Thanks to the holidays this week, the half a dozen folk who went in today had the office pretty much to ourselves, and productivity skyrocketed (nothing like having few people in an open-space environment to get things done). I quickly polished off three of the main sores in my task list on steroids, zipped through a bunch of minor ones, and soon found myself tackling one of those tough problems that keep getting postponed for lack of patience (and focus).
As it turns out we need a mySQL box to run some queries on database snapshots, so at around six thirty I fired up my desktop (which is my prototyping box), slotted in the Xubuntu Live CD, and tried to install it.

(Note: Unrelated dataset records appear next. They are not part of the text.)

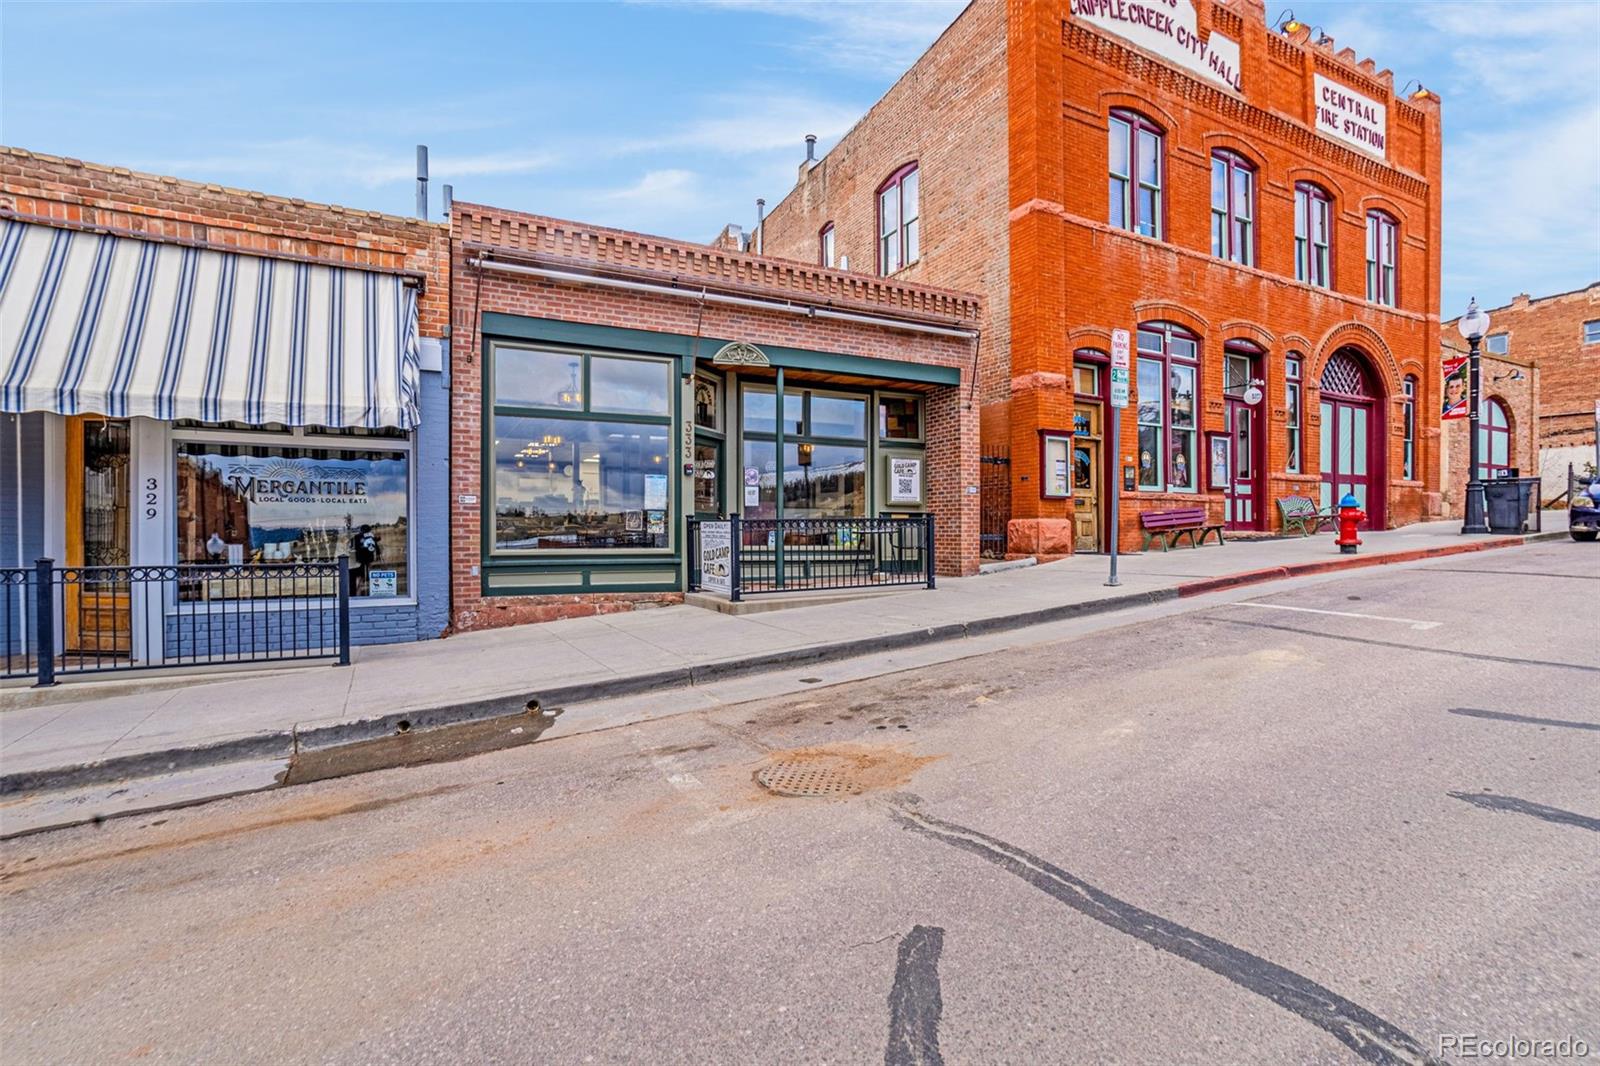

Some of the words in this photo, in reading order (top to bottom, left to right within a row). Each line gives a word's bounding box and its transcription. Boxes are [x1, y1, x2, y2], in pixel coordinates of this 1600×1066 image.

[1070, 0, 1129, 22] CRIPPLE
[1128, 3, 1175, 37] CREEK
[1177, 25, 1208, 61] CITY
[1208, 51, 1242, 92] HALL
[1322, 86, 1378, 125] CENTRAL
[1343, 119, 1385, 150] STATION
[146, 477, 158, 520] 329
[228, 475, 367, 505] MERCANTILE
[703, 549, 715, 562] GOLD
[715, 546, 730, 560] CAMP
[703, 562, 715, 575] CAFE

Well, it seems that you can't even fiddle with the menus while it installs - the install failed (the app put up an error dialog with a stack trace), and I had to reboot and try again. Lovely.
A quarter of an hour later, I had Xfce staring me in the face, set up apt repositories, and apt-get updated everything I needed - including Firefox, which now managed to install the Flash plugin on its own (something my earlier installs had failed to achieve).
Most of the work done, I found myself stranded while St. Anthony madness started coursing through Lisbon and clogged the main thoroughfares, so I decided to kill some time and set up a different session profile to use Xgl.
No, there's no point in running Xgl on a mySQL development box, but this machine is supposed to be as close to the Apple Intel development kits as possible, and I've been wondering how it would fare - besides, the default session will always launch a plain X server. I might be curious, but I'm not insane.
While messing about with gdm (why, oh why does Ubuntu make such a mess with multiple links to configuration files? It took me three tries to find the real gdm.conf, as well as the proper xfce4-session.rc, etc.), I did two cardinal tests of ACPI support: I tried to suspend the machine (it never came back, requiring a power cycle) and tried to hibernate it (which worked - once - same as my home laptop).
Turns out swsusp complains about lack of swap space (weird on a 40GB disk...). Incidentally, Fedora not only did this trick right, but it also knew how to fetch, roll over, etc., etc.
Still, despite the weirdness, compiz turned out to be easy to set up under Xfce and works reasonably well on an Intel GMA 950, although I find most of the effects just plain ugly (especially wobbly windows, which are on the far side of hideously pointless).
I do like its Exposé-like functionality and the task switcher (although I'll have to change the key bindings a bit), but find it somewhat sad that Firefox is so slow under Xgl.
Still, when the mySQL stuff is done and I get drop shadows the way I like them (probably next year or so, considering the time I usually have for such things), I'll probably consider running Xgl as the main session. By then it's sure to have gotten past the "nice shiny toy" stage and actually enhance the desktop experience...
Citrix is sure to be a challenge, too (given its dependency on older Motif libraries), but for now, all I intend to do is fix the damn X server dpi settings and get VNC working on it for sharing the desktop with my database-crunching buddies.